*Work task:*
Repeat each record exactly. Any picture gets left out.

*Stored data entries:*
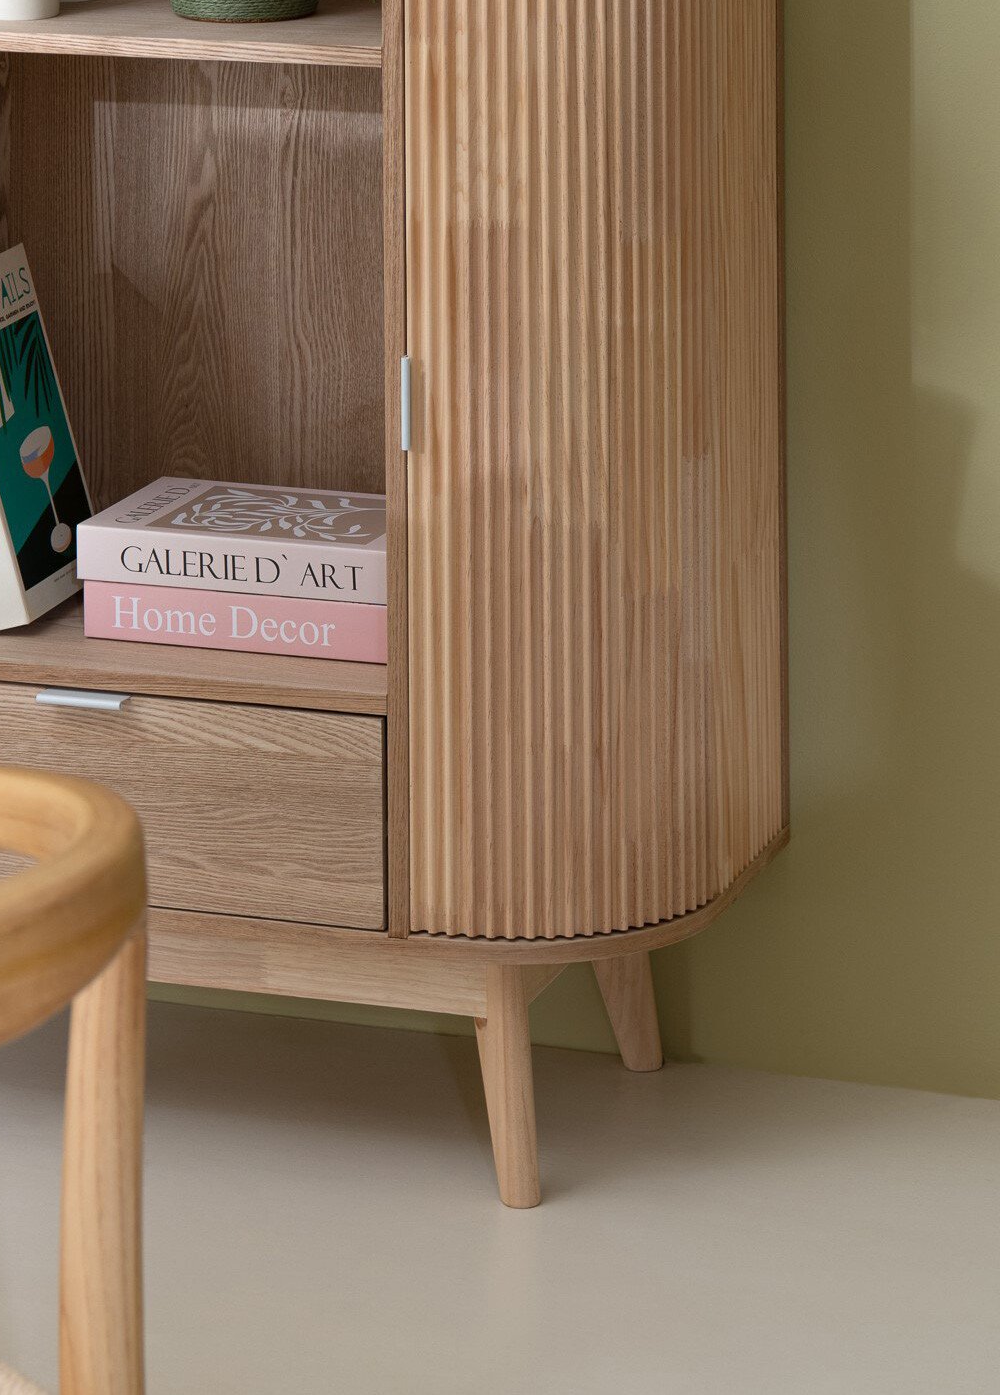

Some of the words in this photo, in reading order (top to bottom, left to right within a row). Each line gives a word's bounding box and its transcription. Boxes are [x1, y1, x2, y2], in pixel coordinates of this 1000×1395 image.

[120, 545, 248, 582] GALERIE
[300, 562, 364, 591] ART
[111, 595, 217, 636] Home
[228, 605, 336, 647] Decor

*Answer:*
Some of the words in this photo, in reading order (top to bottom, left to right within a row). Each line gives a word's bounding box and its transcription. Boxes are [x1, y1, x2, y2], in pixel coordinates of this 1000×1395 image.

[120, 545, 248, 582] GALERIE
[300, 562, 364, 591] ART
[111, 595, 217, 636] Home
[228, 605, 336, 647] Decor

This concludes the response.